Monday, May 29, 2006

What are Sunday afternoons for?



This is what I've spent most of my Sunday afternoons doing for the last 9 months. Services in old peoples homes. Its not glamourous, and its not usually very exciting, but it as taught me a lot about God and the desperateness of life withouth Him. Walking into the homes each week you get struck by the overwhelming heat and stench which is a gross mix of wee and maybe whatevers being cooked for tea. I always get the same kick in my stomach, a combination of feelings of 'here we go again' and 'what are we going to find this time, I hope no-ones died....' Homes are such depressing places, where people who've had hard lives (who hasn't..?) go to die. And so many people in there are just a shadow of the people they used to be. Tessa, the women on the left of the photo, tears up our 'hymn book' and tries to eat it, whilst in her louder moments, shouting and sometimes hitting, pulling and crushing your hand. But, on more placid occasions, she can be lovely, and I've seen joy on her face when she sees her daughters come to visit her. What was she like before? Yesterday, I spent quite some time talking to Daphne, whose 97 and whose daughter is in the home with her, in a a far worse off state than she is. How heartbreaking that must be for her. Homes are places that are full of pain. What can we offer, how can we identify? Well, the only thing we can offer is the gospel. Jesus Christ, God become human, a man of sorrows, familiar with suffering. Jesus is the one who can identify with these people. He knows what loneliness is in a far greater sense than anyone else - abandoned by his earthly friends, and, far worse, abandoned by his Father. And because he was abandoned, we can have eternal hope. Finding Christian old people in homes is so refreshing, they have hope, they know where they're going. But heartbreakingly, they are in the minority. So many people have to deal with the day to day depressing reality of Homes, without knowing their Creator and Friend, without knowing eternal sercurity. So we go on, preaching, and loving, and praying, and although we've seen little outward fruit so far, who knows whats going on insdie people who can't communicate, who knows what changes of eternal signifcance may be taking place.

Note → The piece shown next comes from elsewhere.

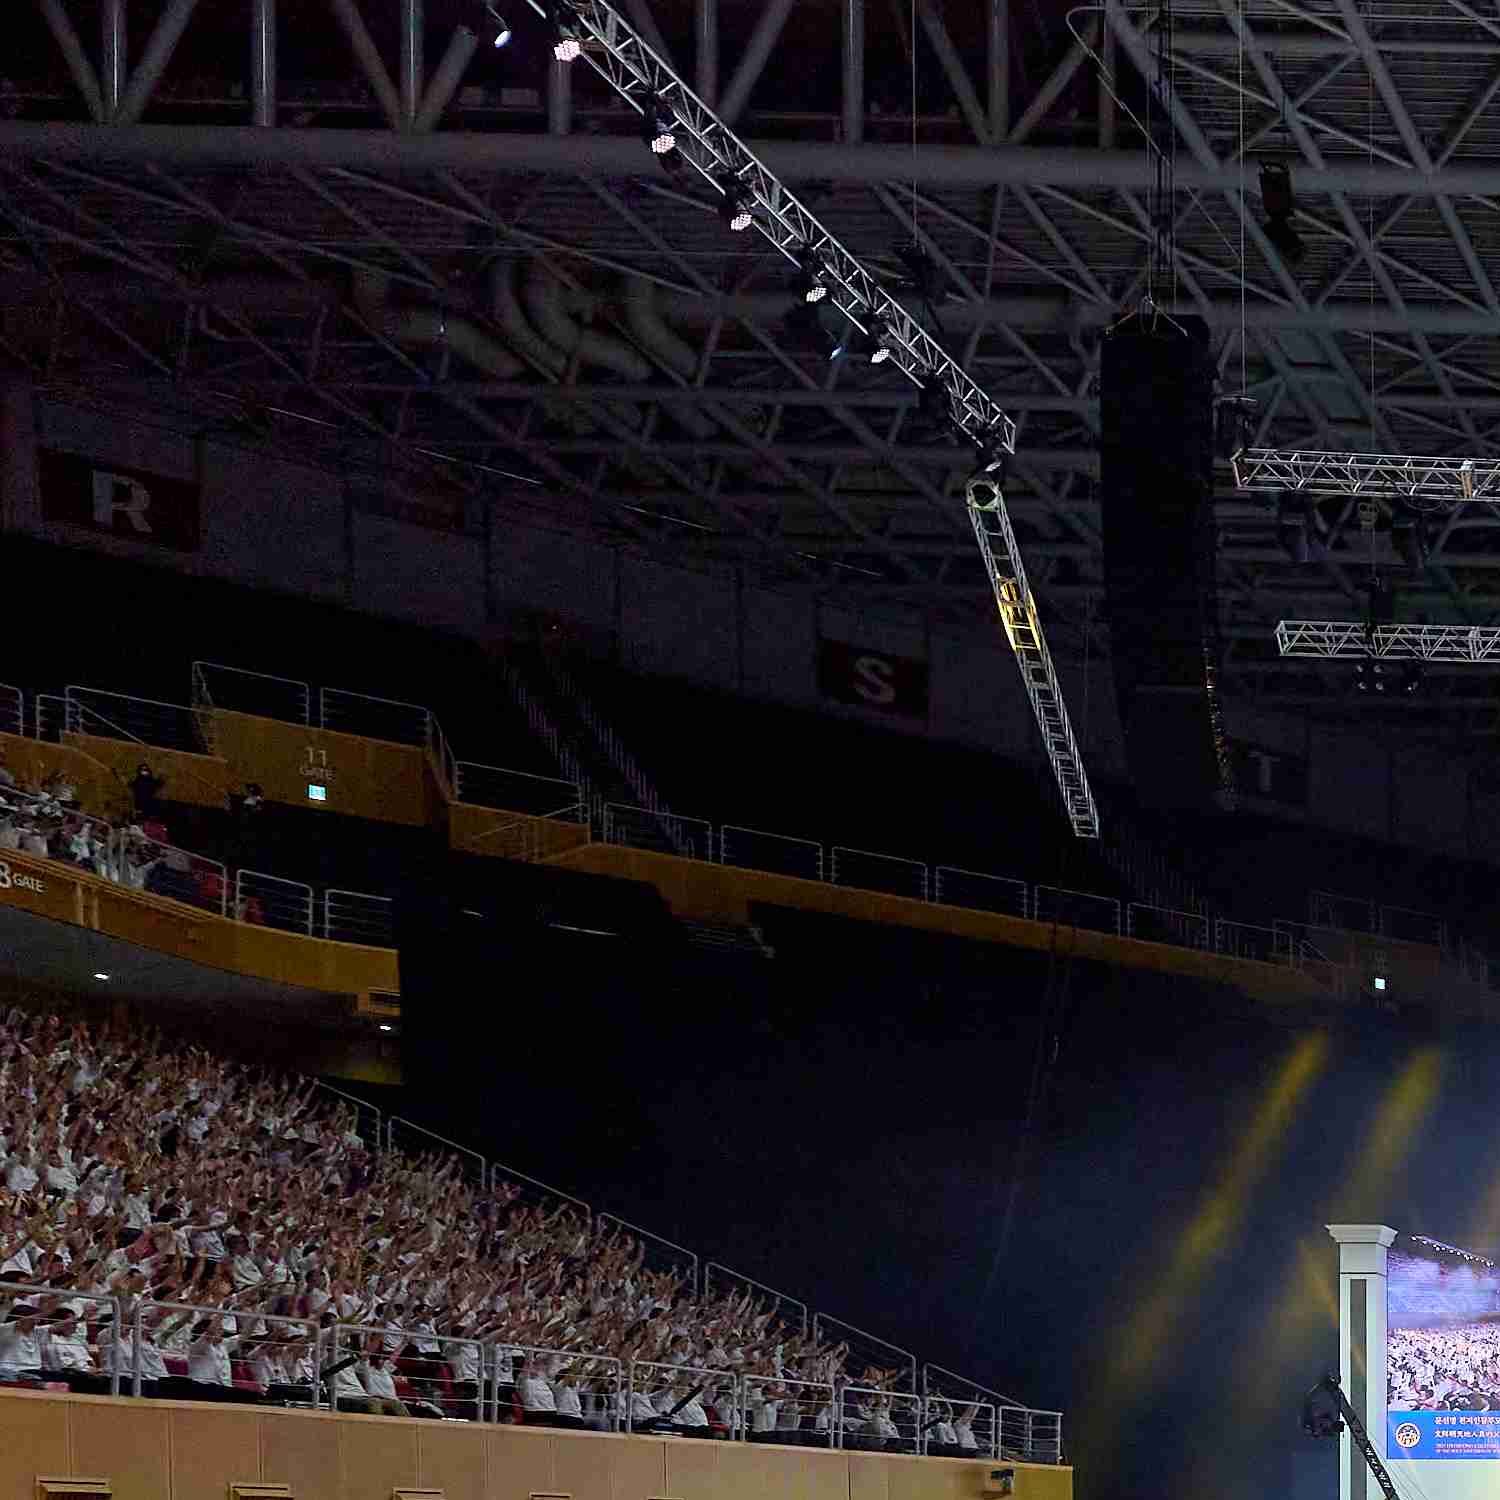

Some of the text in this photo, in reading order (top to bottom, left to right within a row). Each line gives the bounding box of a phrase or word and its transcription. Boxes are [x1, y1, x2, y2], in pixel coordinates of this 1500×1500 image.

[91, 469, 153, 533] R
[854, 656, 896, 704] S
[13, 872, 48, 894] GATE

Sound of Musoc - whats the deal?

Right well its a rainy bank holiday and for the first time in my life I sat down to watch 'The Sound of Music' (I know the fact that I've never sen it before distrubs some people (I seemed to be constantly mocked and ridiculed for that fact during Relay (though I suppose it was only Kath and Sharon inflicting that on me) but to be honest I can't see what all the fuss is about. I've wandered away bored about 2/3 of the way through. I know pretty much all the songs (how can you escape them) but I find them all quite boring. Maria should be a loveable character, and I like the idea of her, but I just can't seem to get past her irritaing posh accent, or the American-ness of the children (I know how shallow I'm sounding!) I just didn't care what happened to them (which I suppose is a good thing as nothing much seemed to be happening to them except learning to sing... and stuff about relating to their dad I suppose) Maybe I'm just used to faster paced modern films where stuff actually happens, or some kind of childhood fondness of the older films where not much does (although saing that, loads of stuff happens in Chitty Chitty Bang Bang!!) Or maybe I'm just not cultured enough!

Thursday, May 18, 2006

More lessons from small children

I love learning lessons about God from small children. After Little Rockers today, one of the mums was patiently waiting while her 3 year old child helpfully helped us load up all the stuff. Suddenly, Jasmine lost her never, went running over to her mum shouting 'Mummy, mummy, don't go without me!' As if she ever would, she'd never done in the past, and the thought would have been the furtherst thing from her mind. I remember a similar incident when I was a small child. My whole family were driving back from seeing my grandparents, I 'd been playing with my brotehr on the swings at a service station, we wre just walking back to the car when we saw our parents drive past (they were coming to pick us up) I got really upset, coz I thought they were driving off without us. No loving parent would even consider abandoing their child, but children still seem to have the fear that they will. Although they never have in the past this time... this time their patience has just run out. I know I'm like that with God, I know he's been faithful to me time and time again, I know he's my loving father who has promised never to leave me or forsake me, but still sometimes the fear grips me. Not this time. This time his patience will run out. This time he'll leave without me, he'll forsake me and leave me alone. Well, its just not true - I need to stop thinking like a 3 year old!! God is faithful, and he will keep to his promise of never leaving or forsaking me - why do I doubt it?!